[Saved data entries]
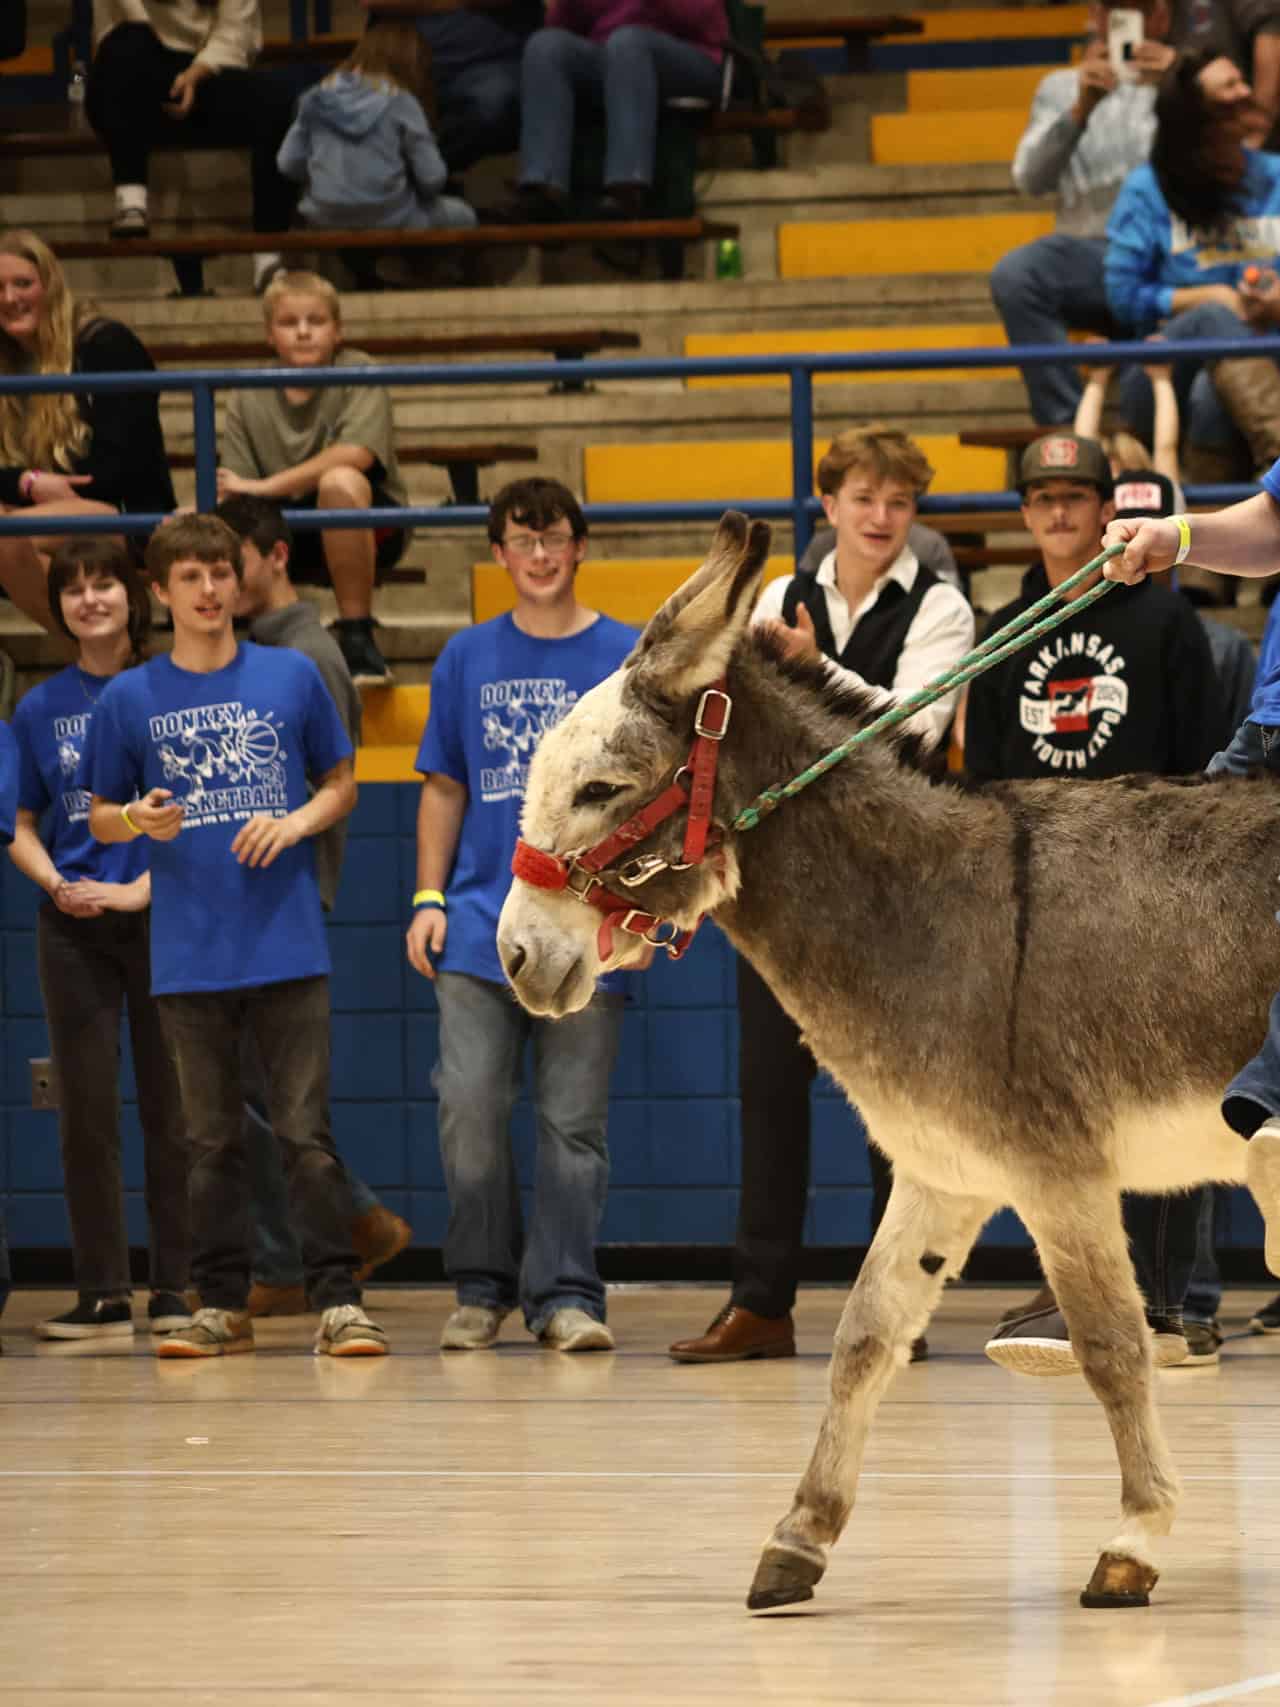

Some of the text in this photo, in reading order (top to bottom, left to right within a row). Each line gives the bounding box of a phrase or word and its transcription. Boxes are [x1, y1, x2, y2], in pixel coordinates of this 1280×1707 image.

[1023, 632, 1125, 696] ARKANSAS
[149, 701, 244, 742] DONKEY
[1032, 735, 1087, 770] YOUTH
[164, 783, 288, 818] SKETBALL
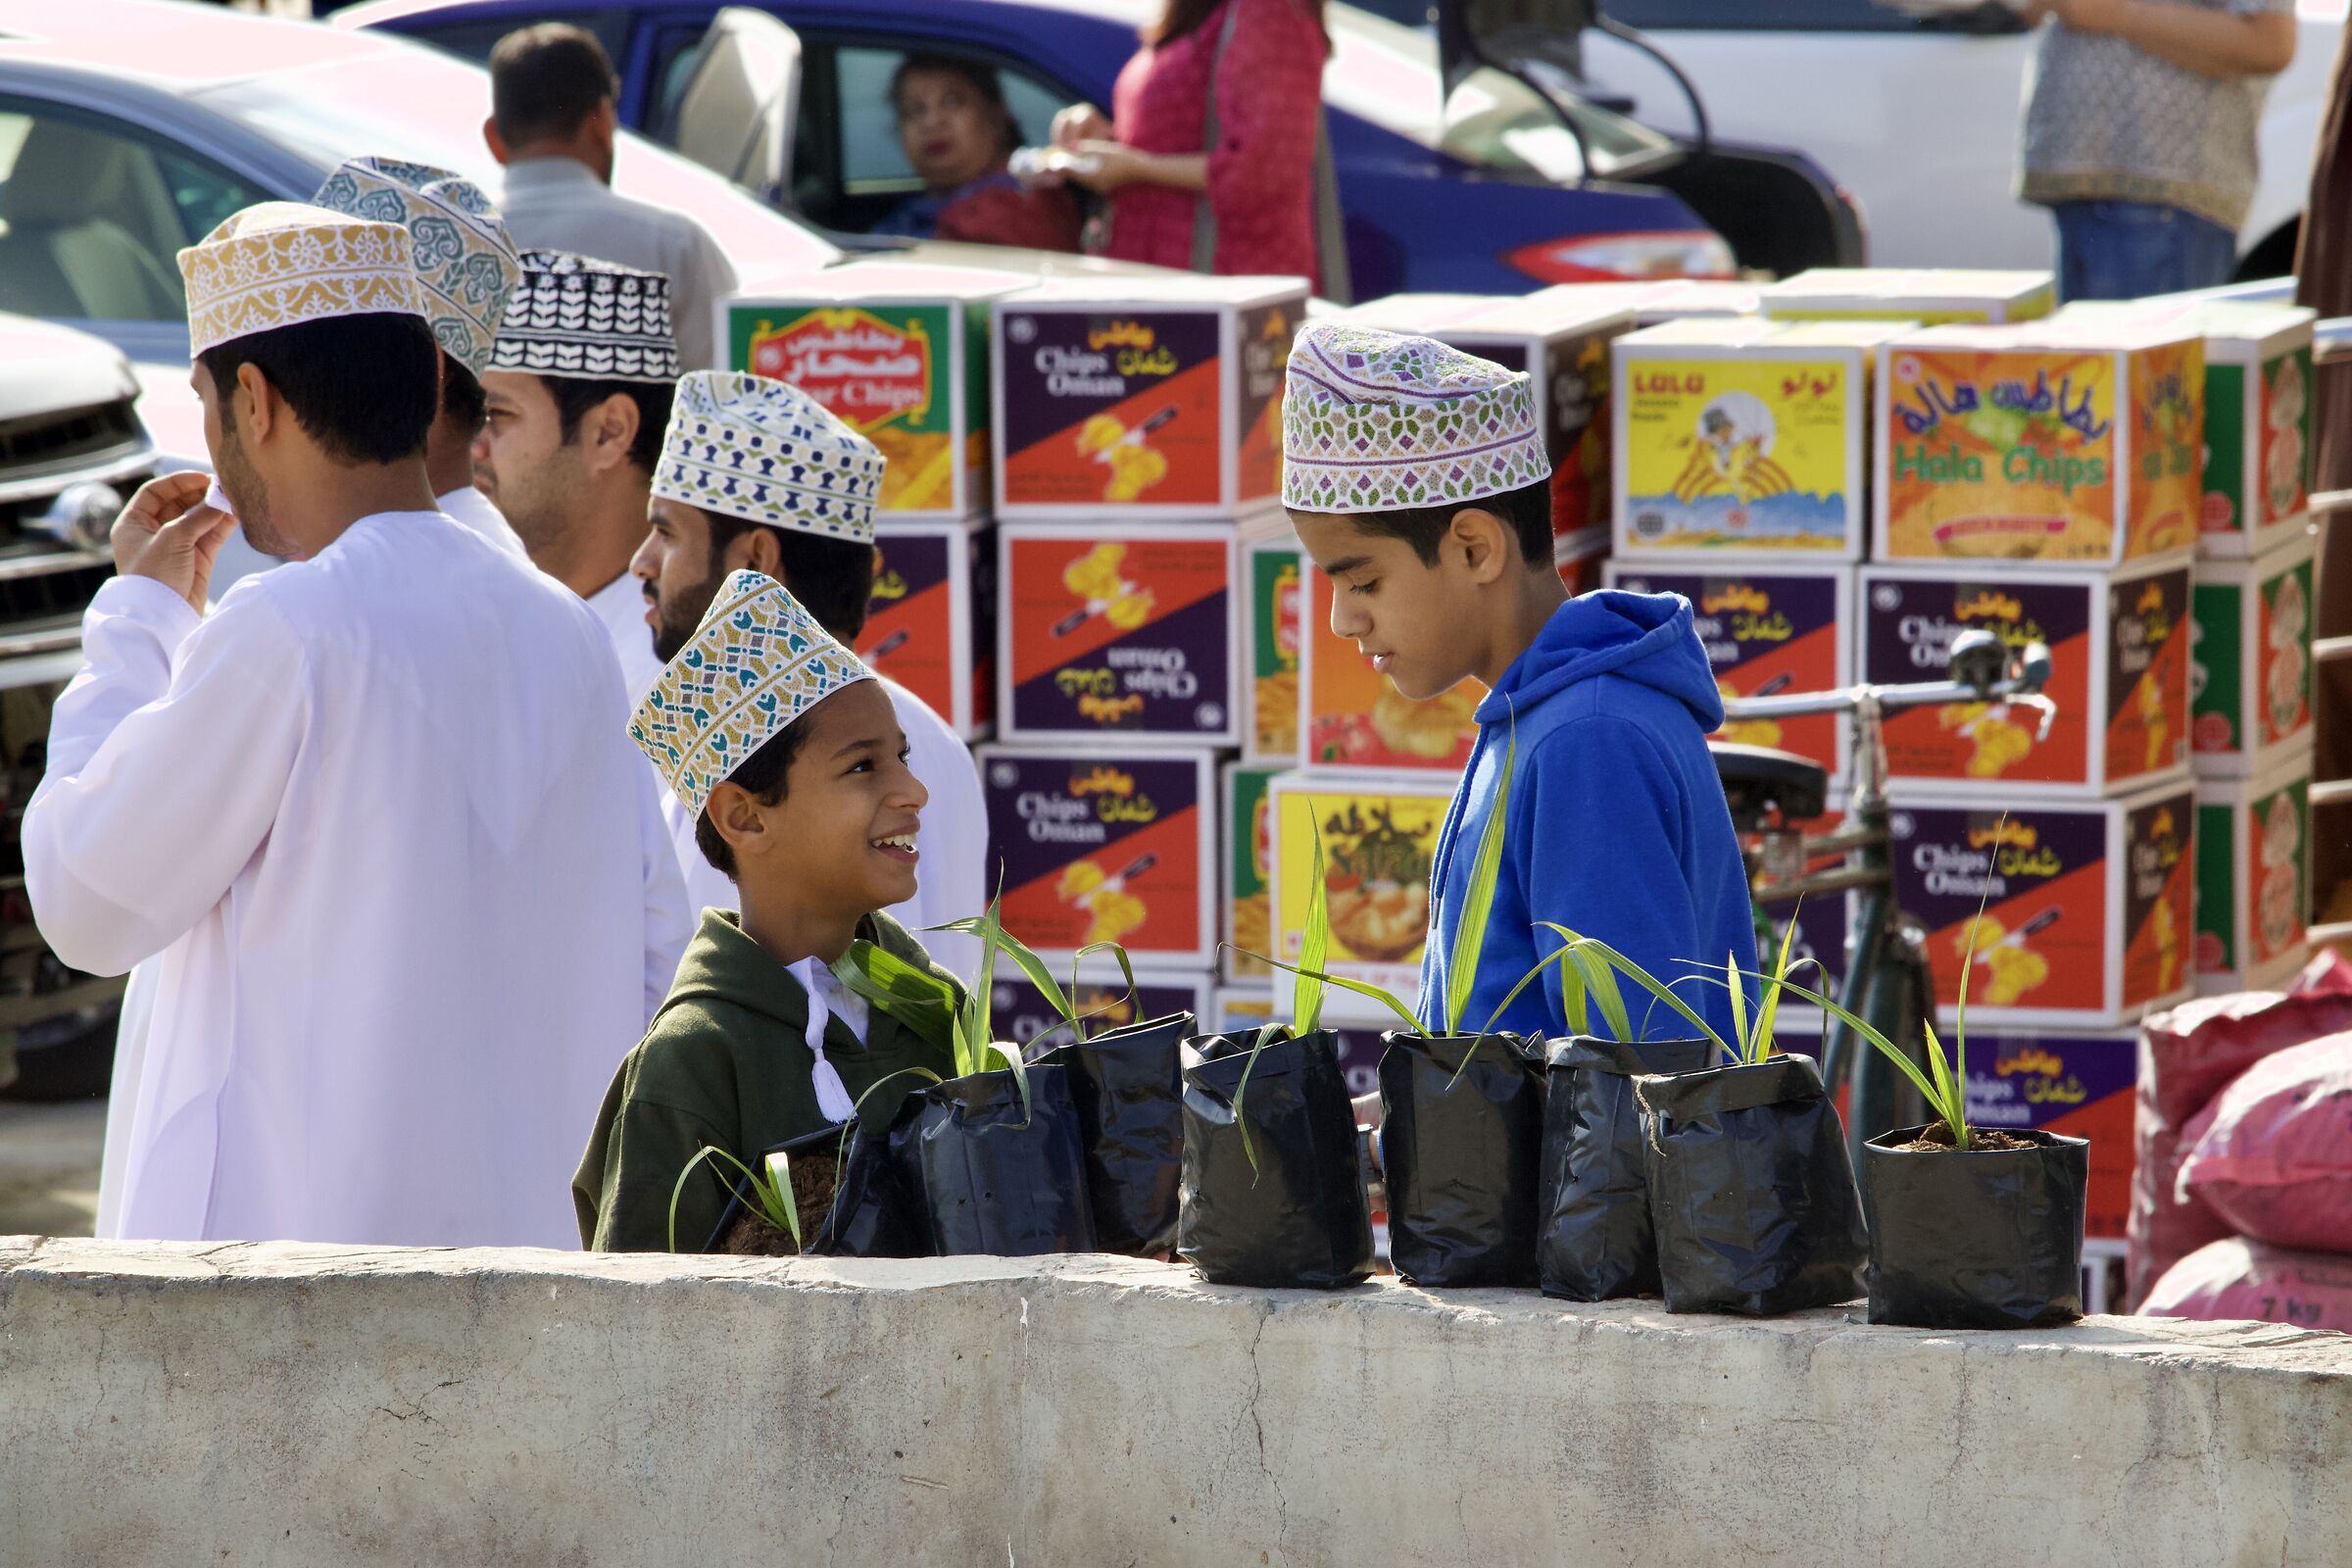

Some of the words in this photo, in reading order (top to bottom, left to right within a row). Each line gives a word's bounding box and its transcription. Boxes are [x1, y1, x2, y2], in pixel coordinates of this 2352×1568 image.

[1035, 345, 1109, 376] Chips
[1046, 370, 1126, 397] Oman
[1894, 441, 1984, 484] Hala
[2001, 444, 2107, 498] Chips
[1124, 669, 1199, 699] Chips
[1015, 791, 1090, 820] Chips
[1028, 818, 1106, 844] Oman
[1914, 843, 1990, 874] Chips
[1925, 870, 2007, 897] Oman
[2258, 1296, 2277, 1318] 7
[2286, 1296, 2322, 1325] kg

• Exercise requirements: Copy out all the data exactly. The images should not appear in the copy.

• Expected answer:
Some of the text in this photo, in reading order (top to bottom, left to right within a row). Each line gives the bounding box of a phrase or word and its transcription. Boxes are [x1, y1, x2, y2], in pixel coordinates of this 1280×1707 image.

[1023, 632, 1125, 696] ARKANSAS
[149, 701, 244, 742] DONKEY
[1032, 735, 1087, 770] YOUTH
[164, 783, 288, 818] SKETBALL

Some of the words in this photo, in reading order (top to bottom, left to right within a row). Each line gives a word's bounding box and its transcription. Boxes are [x1, y1, x2, y2], in pixel coordinates of this 2352×1568 image.

[1035, 345, 1109, 376] Chips
[1046, 370, 1126, 397] Oman
[1894, 441, 1984, 484] Hala
[2001, 444, 2107, 498] Chips
[1124, 669, 1199, 699] Chips
[1015, 791, 1090, 820] Chips
[1028, 818, 1106, 844] Oman
[1914, 843, 1990, 874] Chips
[1925, 870, 2007, 897] Oman
[2258, 1296, 2277, 1318] 7
[2286, 1296, 2322, 1325] kg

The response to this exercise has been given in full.